Supporters of the practice often argue it preserves chastity, ensures marriageability, or fulfills communal identity. Yet these rationales are rooted in controlling female sexuality and reinforcing patriarchal structures. Cultural continuity, while valuable, does not supersede individual rights. Societies evolve precisely because they abandon customs that inflict unnecessary harm. History is full of traditions once normalized—child marriage, foot binding, ritual scarification—that were ultimately rejected as societies recognized their injustice.
It is also crucial to distinguish cultural pride from harmful practices. Africa is not monolithic. Many African nations have outlawed FGM, and countless African activists, religious leaders, and community elders are at the forefront of eradication efforts. Framing the issue as an inherent feature of “African culture” oversimplifies a complex continent of 54 countries and thousands of ethnic groups. Resistance to FGM is deeply African as well.
International bodies such as UNICEF and the United Nations classify FGM as a human rights violation, particularly as it disproportionately affects girls from marginalized communities with limited access to education and legal protection. Legal bans alone, however, are insufficient. Enforcement gaps, social pressure, and fear of ostracism often drive the practice underground.
The moral case against forced female circumcision rests on three pillars: bodily autonomy, prevention of harm, and gender equality. No child should endure irreversible physical injury to satisfy social expectations. No cultural framework should require pain and risk to prove virtue. And no society committed to justice can defend a practice that exists almost exclusively to regulate and restrict women’s bodies.
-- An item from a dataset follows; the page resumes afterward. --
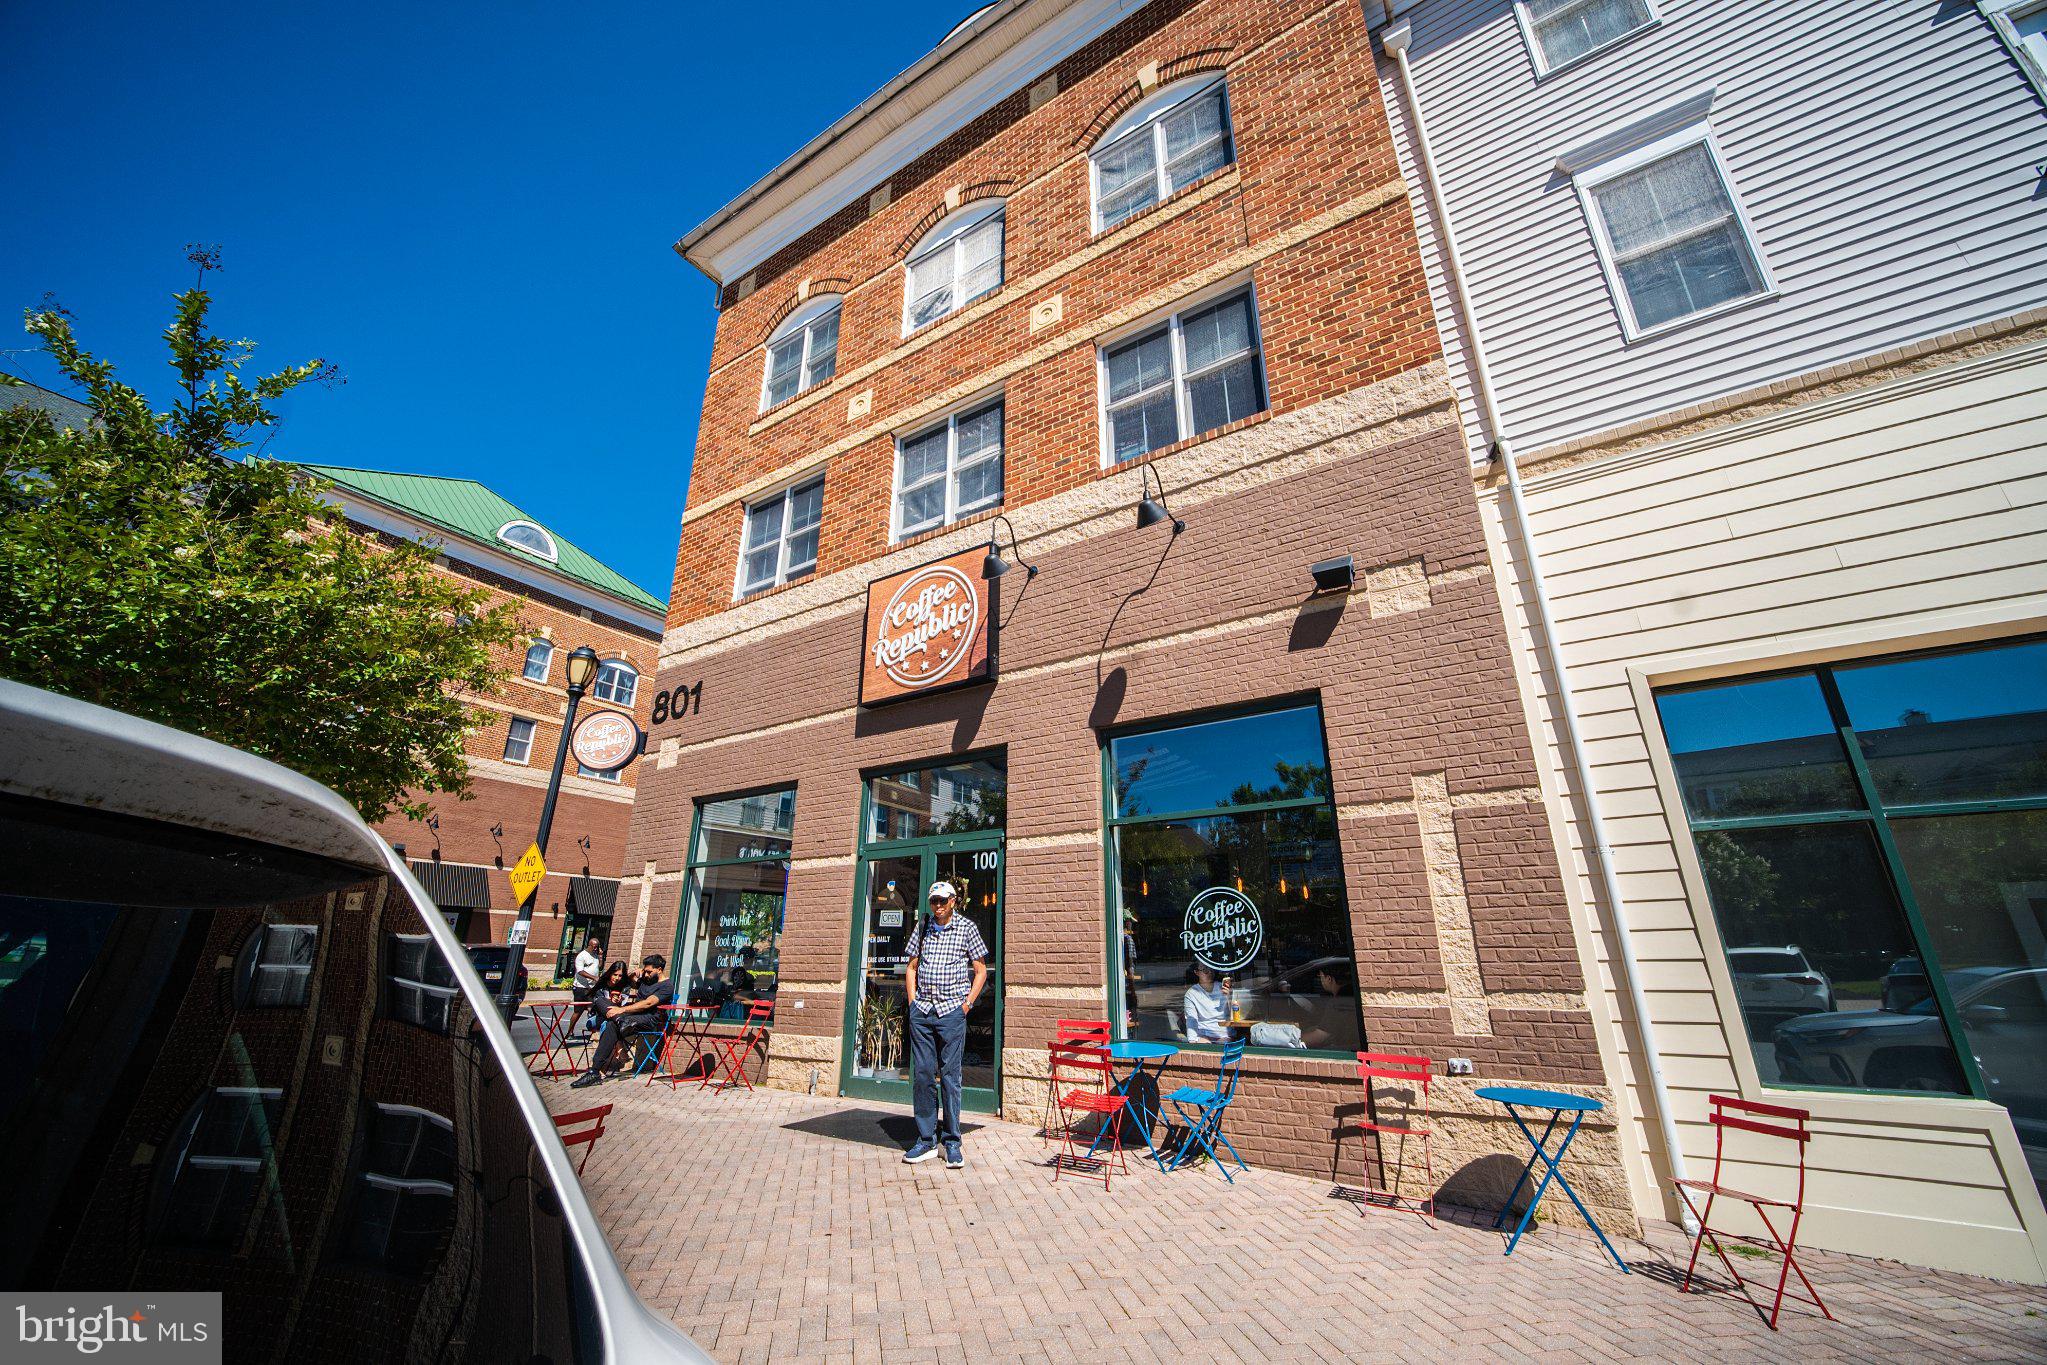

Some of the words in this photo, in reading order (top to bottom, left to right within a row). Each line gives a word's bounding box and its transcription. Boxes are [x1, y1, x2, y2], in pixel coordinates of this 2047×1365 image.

Ending forced female circumcision requires community-led change, education for both men and women, economic alternatives for practitioners who rely on it for income, and strong protections for girls at risk. It demands confronting uncomfortable truths while respecting the agency of African reformers who are already leading the fight.
Ultimately, morality is measured not by how fiercely we defend tradition, but by how courageously we protect the vulnerable. Forced female circumcision fails that moral test.